Since pictures are not wanted, repeat only the text of the records, word for word.

Records from a collection
====
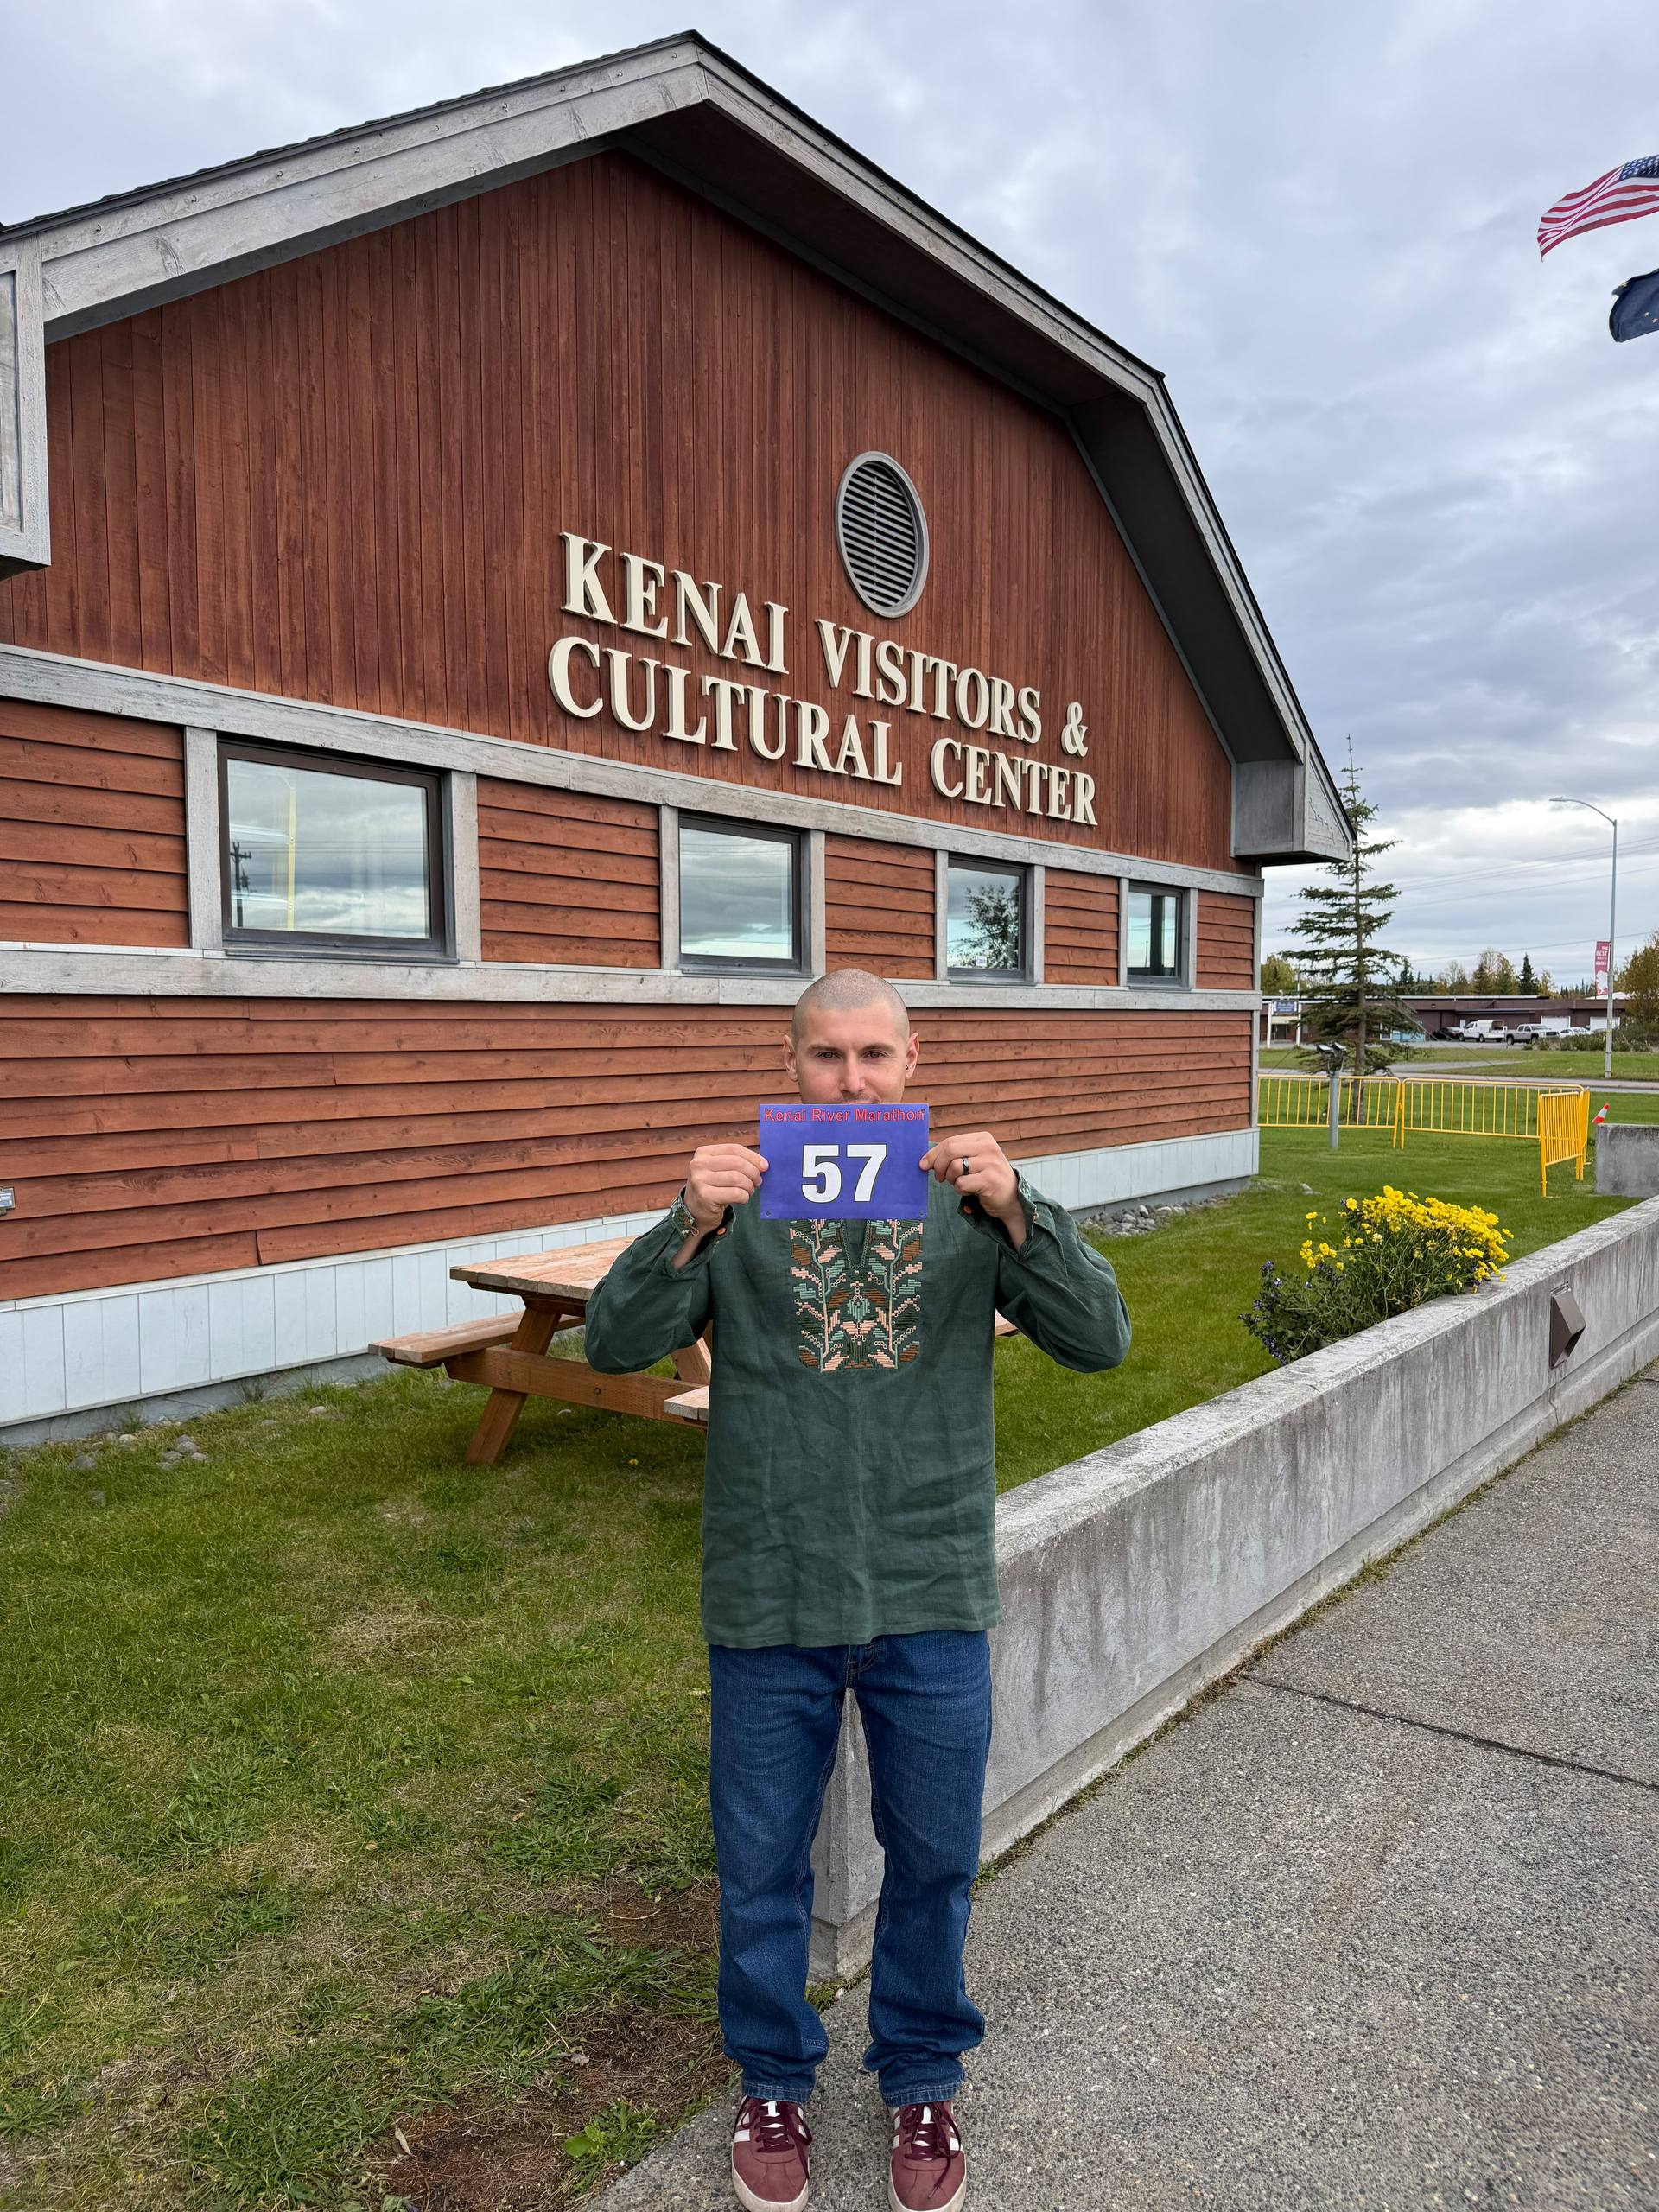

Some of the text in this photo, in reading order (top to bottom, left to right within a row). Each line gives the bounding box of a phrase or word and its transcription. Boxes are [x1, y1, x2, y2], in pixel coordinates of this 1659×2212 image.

[561, 531, 1089, 758] KENAI VISITORS &
[549, 636, 1098, 826] CULTURAL CENTER
[764, 1108, 925, 1122] Kenai River Marathon
[801, 1143, 887, 1204] 57
====
* [Final answer]:
Some of the text in this photo, in reading order (top to bottom, left to right within a row). Each line gives the bounding box of a phrase or word and its transcription. Boxes are [x1, y1, x2, y2], in pixel coordinates of this 1659×2212 image.

[561, 531, 1089, 758] KENAI VISITORS &
[549, 636, 1098, 826] CULTURAL CENTER
[764, 1108, 925, 1122] Kenai River Marathon
[801, 1143, 887, 1204] 57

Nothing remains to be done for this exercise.